The phone vibrated again. The name that lit up on the screen made her stomach tighten impatiently: Cole McIntyre. Her husband.
Without thinking, she pressed the reject button.
His face flashed through my mind-always cold, always expressionless. Their marriage had always been just a transaction, trading his new wealth for her family's old reputation. For two years, they shared a vast estate, yet had never shared a bed; In a spacious restaurant where you can hear echoes, they politely share a dinner together. She had enough.
Aidan was waiting for her. He understands her, he loves her. He is not an ice-like humanoid statue.
Driver Mike Kowalski glanced at her through the rearview mirror. His knuckles gripped the steering wheel tightly, turning pale, and his face was unusually pale.
"Is everything okay, Mike?" Her voice was light and elusive.
"It's just raining, Mrs. McIntyre." He muttered, his gaze quickly shifting back to the slippery, pitch-black road. "The road is very slippery."
That sentence hung in the air, weighing heavily on a certain unspoken fear.
They were approaching a sharp bend on a secluded country road. In the pouring rain, a beam of car headlights suddenly lit up, growing larger and larger at an astonishing speed. A semi-trailer truck was charging straight at them, its rear frantically swinging across the center lane.
Mike screamed-a raw, terrifying voice. He slammed the steering wheel hard and crashed heavily into the car door.
The car did not respond.
"Brake!" He shouted hoarsely. "The brakes have failed!"
Juliana's world suddenly shrank into a blinding point of light. Aidan's handsome face flashed through her mind, then, strangely, was replaced by Cole's shadow-those gray eyes, cold and sharp.
Then, the impact came.
Metal tears through metal, a piercing screech. The world spins wildly, transforming into a violent kaleidoscope made from shattered glass and darkness. The scent of the expensive perfume she sprayed on her wrist spread, releasing a nauseating sweetness amid the murky gasoline and rain.
The final feeling was a crushing weight, a pain that devoured her, and then-a void.
A strange and ethereal calm enveloped her. She floats.

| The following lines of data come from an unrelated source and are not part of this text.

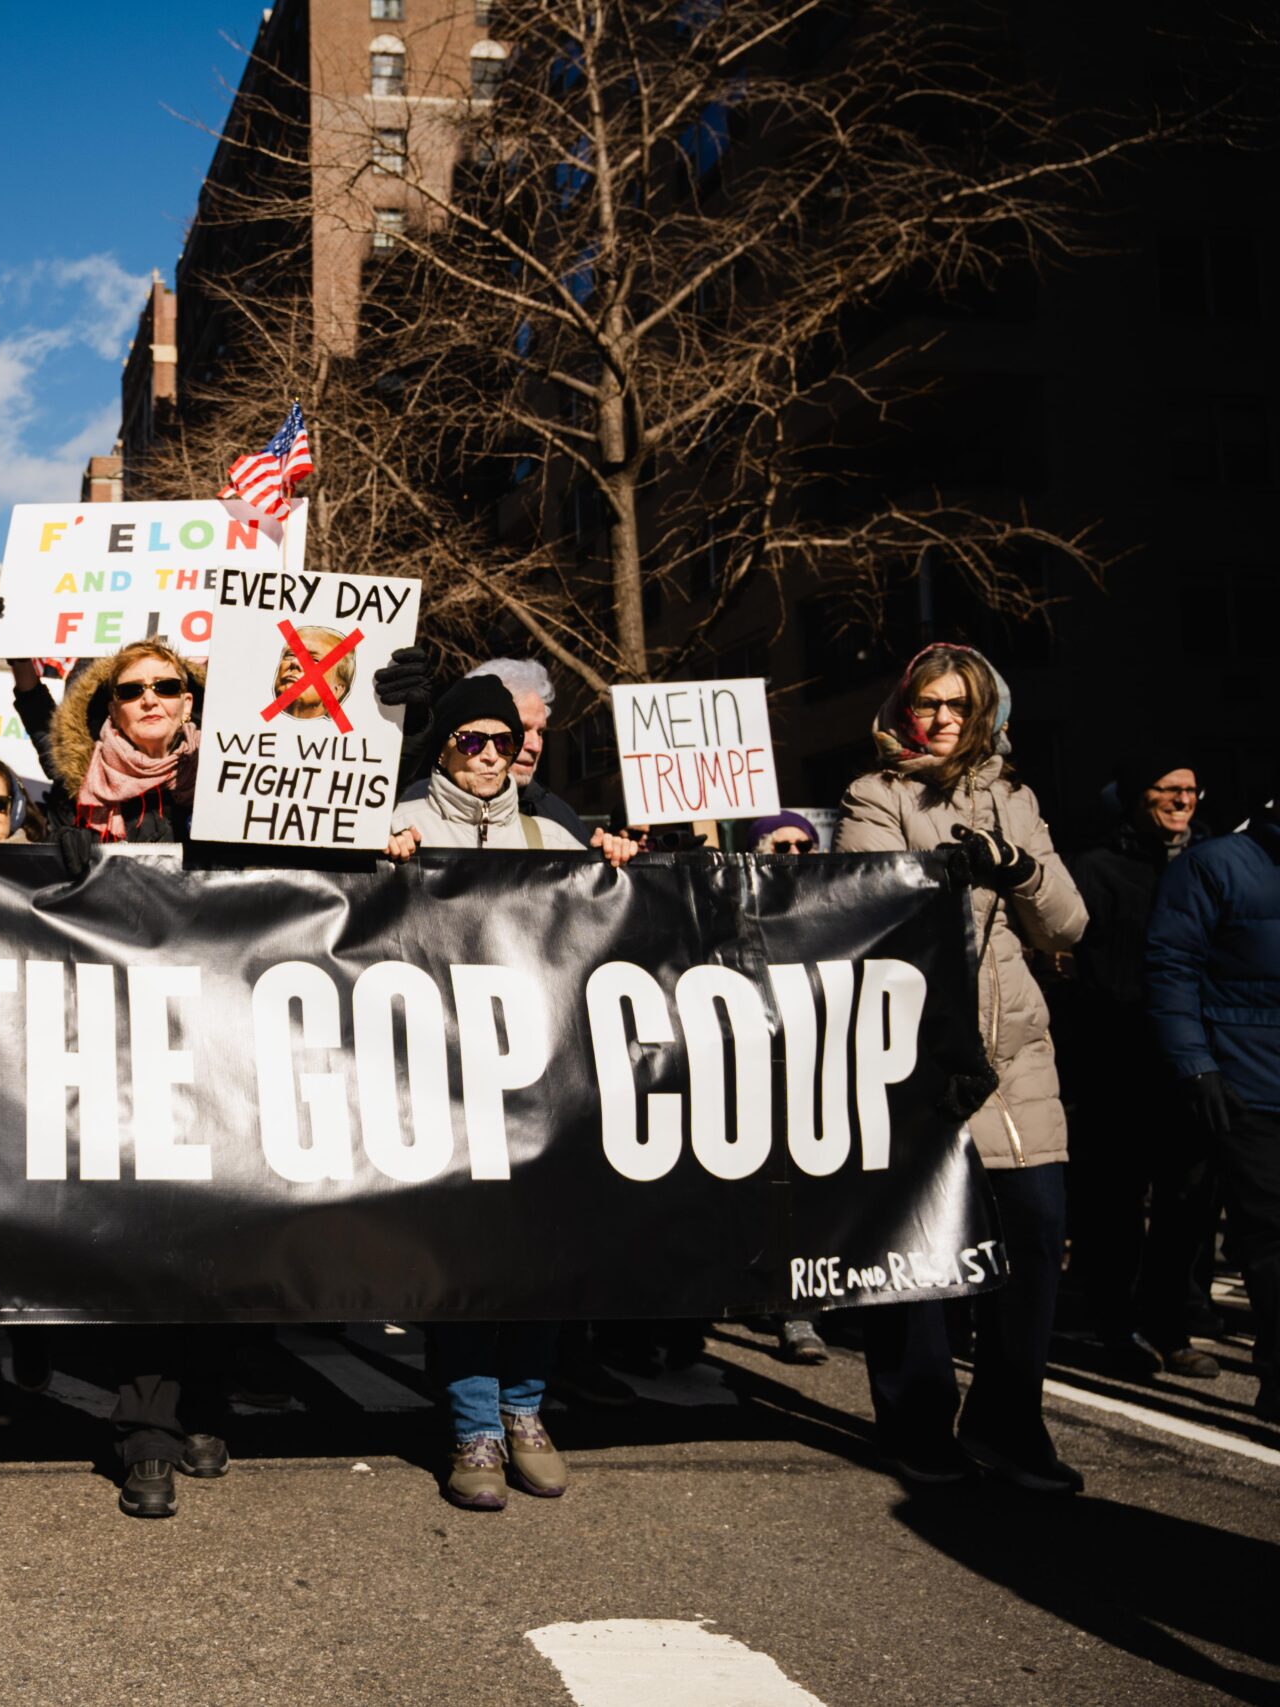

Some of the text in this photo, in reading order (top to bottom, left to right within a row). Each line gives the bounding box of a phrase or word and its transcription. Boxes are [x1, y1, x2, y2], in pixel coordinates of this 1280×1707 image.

[54, 569, 217, 594] AND THE
[220, 569, 411, 624] EVERY DAY
[55, 610, 213, 644] FELO
[216, 732, 382, 763] WE WILL
[217, 761, 389, 808] FIGHT HIS
[623, 749, 764, 814] TRUMPF
[243, 800, 358, 843] HATE
[251, 960, 551, 1183] GOP
[586, 958, 927, 1182] COUP
[791, 1240, 999, 1300] RISE AND RESIST

Below, she saw wreckage. The luxury sedan-her temporary cocoon-became a pile of twisted metal, coiled around the front of the truck. She saw her body collapsed in the back seat, a blood-red stain spreading across her pale silk dress. Her eyes were open, hollow and lifeless.
She wanted to scream, but couldn't make a sound. She is a ghost, silently witnessing her own death.

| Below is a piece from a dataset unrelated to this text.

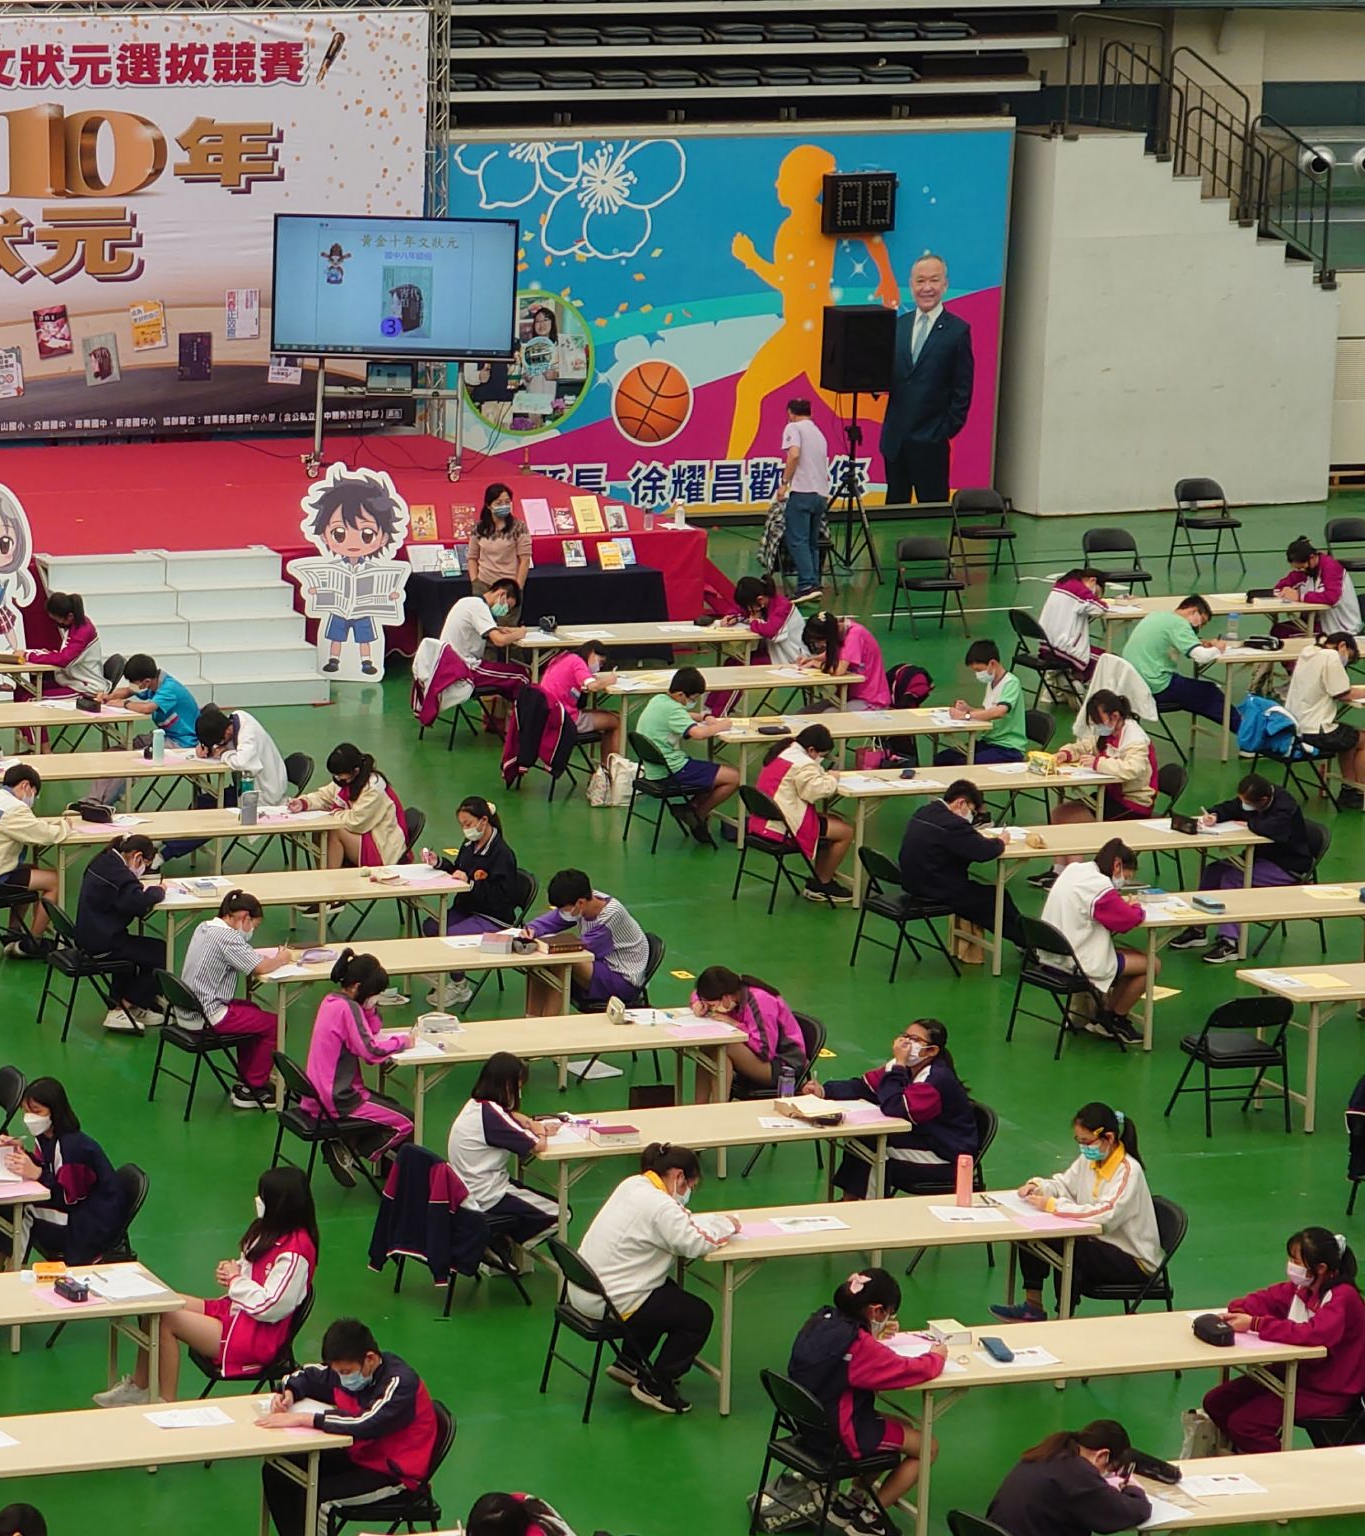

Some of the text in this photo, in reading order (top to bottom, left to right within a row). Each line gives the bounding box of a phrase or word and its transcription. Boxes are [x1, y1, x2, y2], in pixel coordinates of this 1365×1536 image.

[360, 234, 460, 249] 黃金十年文狀元
[386, 319, 396, 335] 3

As the scene fades, a powerful and invisible force pulls her through space. She suddenly found herself standing in the library of McIntyre Manor. The air is filled with the scents of old books, leather, and whiskey.
Cole stood with his back to her, his broad shoulders stiff under the custom suit jacket. He was on the phone, his whole body like a fully drawn bow.

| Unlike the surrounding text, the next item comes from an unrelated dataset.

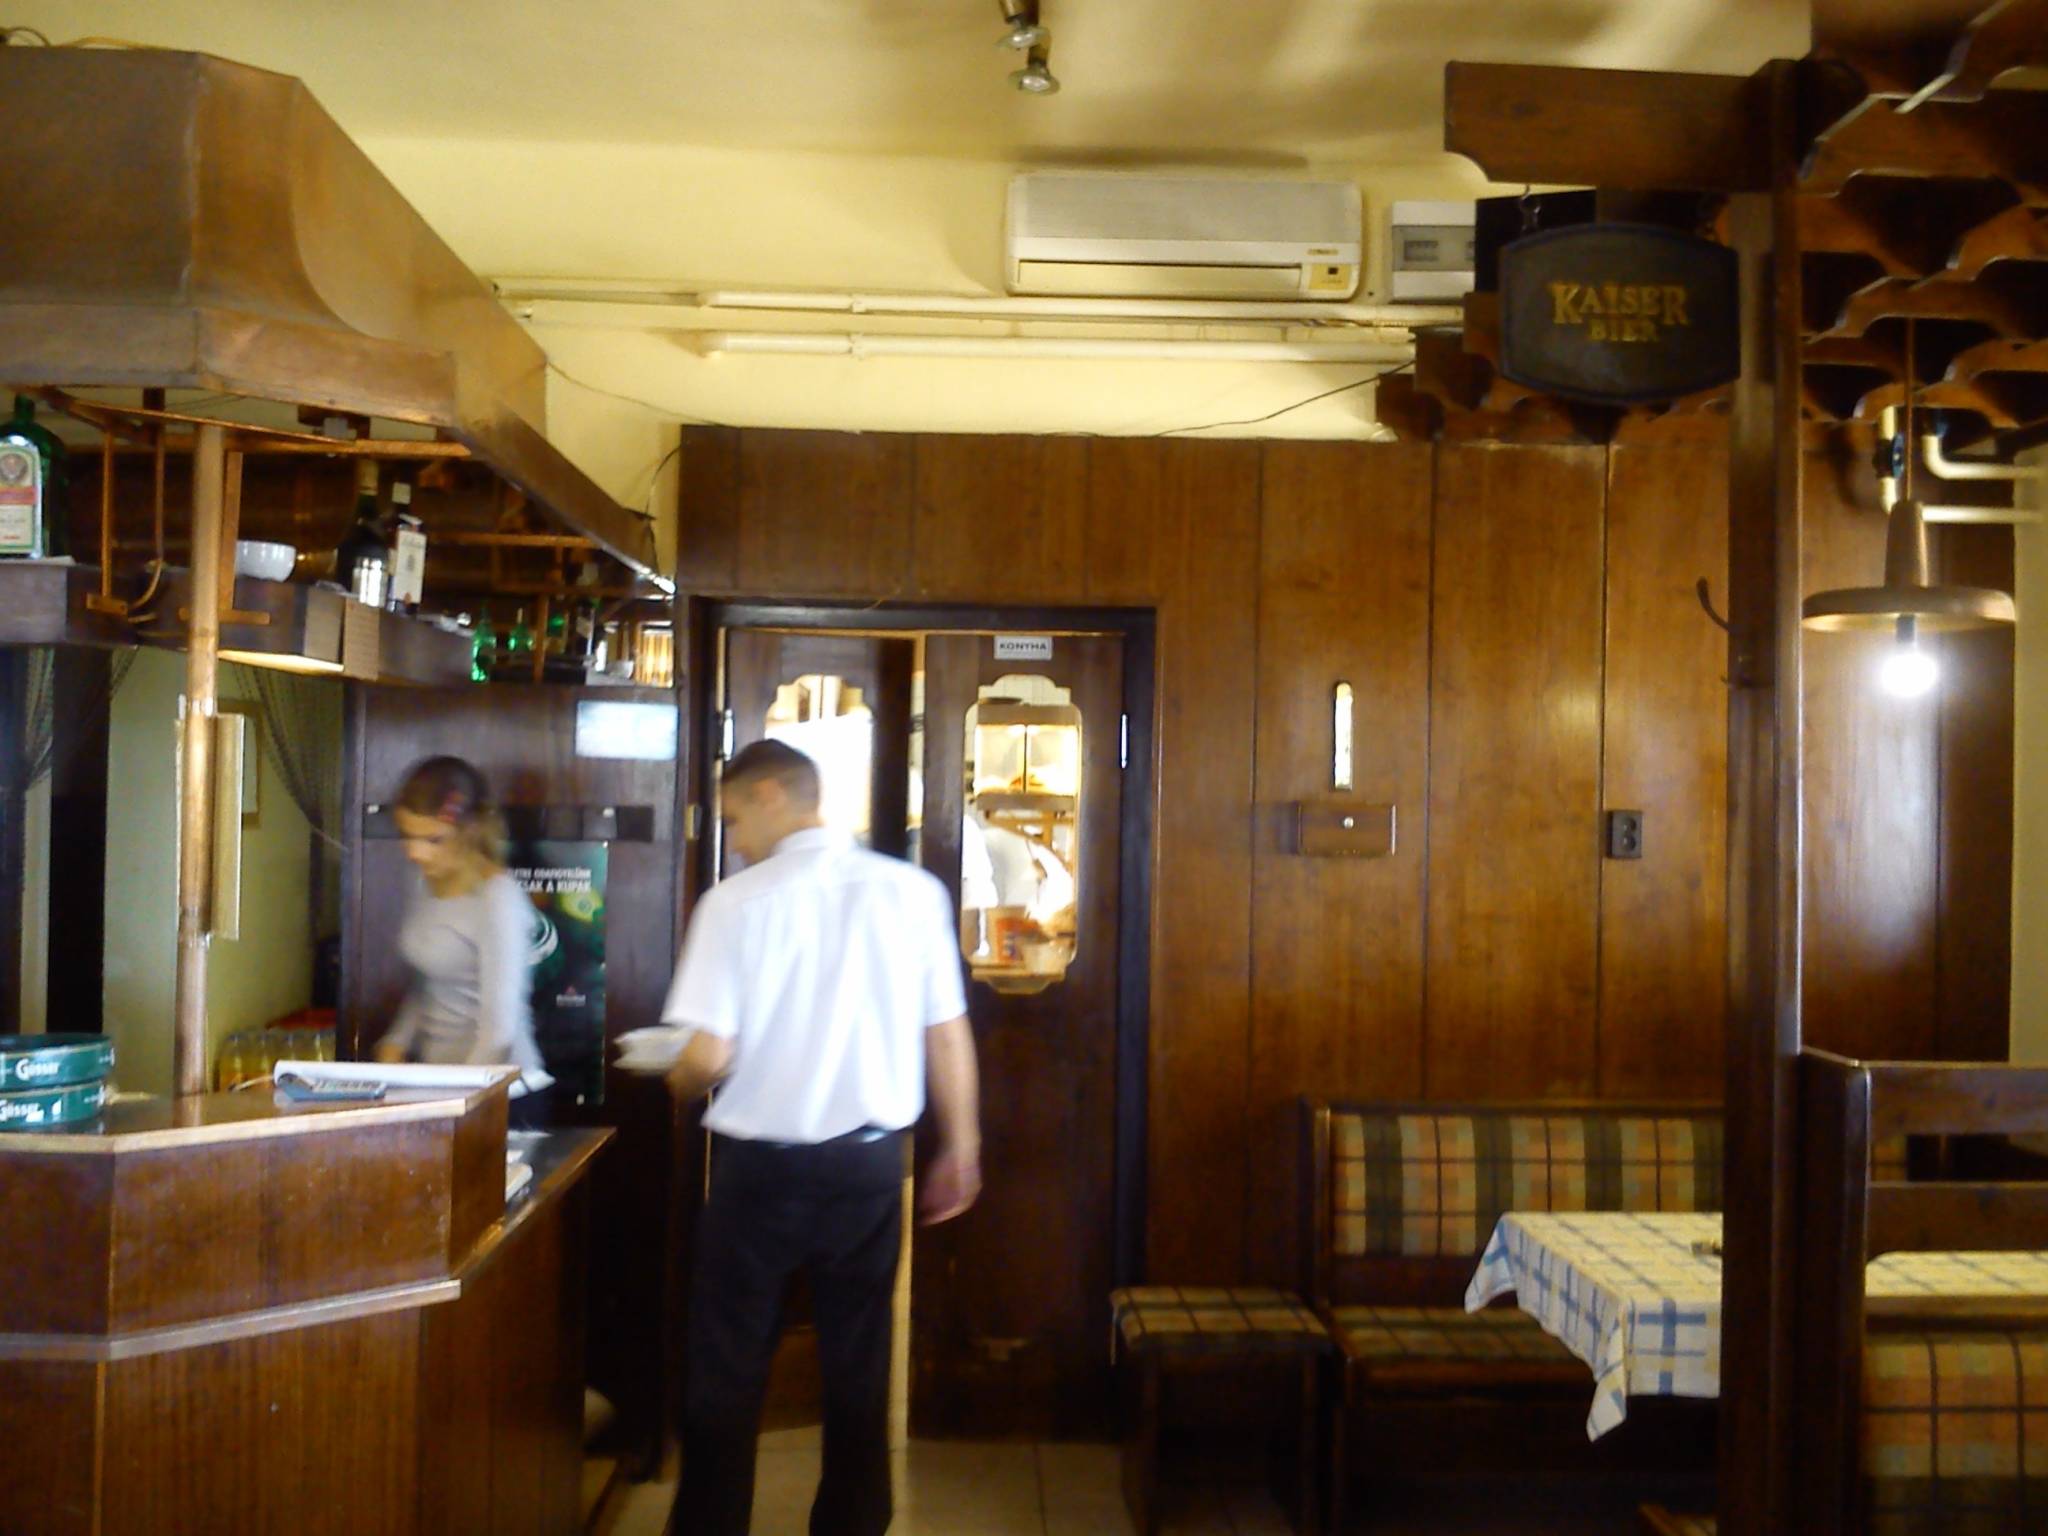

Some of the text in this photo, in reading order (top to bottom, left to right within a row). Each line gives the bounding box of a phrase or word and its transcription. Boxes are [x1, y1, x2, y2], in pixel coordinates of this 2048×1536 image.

[1551, 281, 1690, 325] KAISER
[1589, 318, 1659, 342] BIER
[999, 642, 1047, 650] KONYHA

A hoarse, metallic, distant voice came through the receiver: "...... We couldn't save her, Mr. McIntyre. We sincerely apologize. "
The phone slipped from Cole's hand, slamming heavily onto the Persian carpet, shattering the screen into thousands of spiderweb-like cracks.
He didn't move at all. For a whole minute, he stood like a sorrowful statue, completely still.
Then, a roar tore from his throat-not a cry, but a low, throat-like pure roar of pain, like a mortally wounded beast.
Juliana's ghostly form shrank back slightly. She had never seen him show any emotion, let alone anything like this.
He spun around abruptly, the look of destruction on his face unfamiliar to her. He slammed his fist onto the massive rosewood desk, the sound like a gunshot. His knuckles cracked, blood instantly gushing out, dripping onto the neatly arranged documents.
He staggered toward the wine cabinet, his movements stiff and uncoordinated. His trembling hand clumsily fumbled for a crystal whiskey decanter. He poured a glass, the amber liquid spilling from the rim, then desperately downed it in one gulp.
Alcohol has no effect. He let out a frustrated roar and smashed the entire decanter bottle against the wall. Bottles shattered, crystal shards flew like rain, and wine splattered all over the walls.
His frenzied gaze fell on the wedding photo above the fireplace.
He staggered over, reached out his hand, and traced the curve of her smile in the photo with his bloodstained fingers. The glass was cold beneath his fingertips.
A tear slid down his plaster-like cheek. Then another drop.
"Jules ......"
It was a broken whisper, soaked in regret and a love so deep it made one's heart race. He used to call her Juliana.
Her soul trembled. This man-the cold, distant husband she was eager to escape from-was breaking down for her.
An invisible chain locked her to him. She could not drift toward the gardens she longed to see, nor could she cross the hall to seek solitude. Wherever he went, she was pulled along, like a helpless satellite, trapped in the gravity of his sorrow. She became the invisible witness to his private hell, forced to follow him, watching him pace like a trapped beast through the empty mansion, his silent and desperate grief echoing in every room.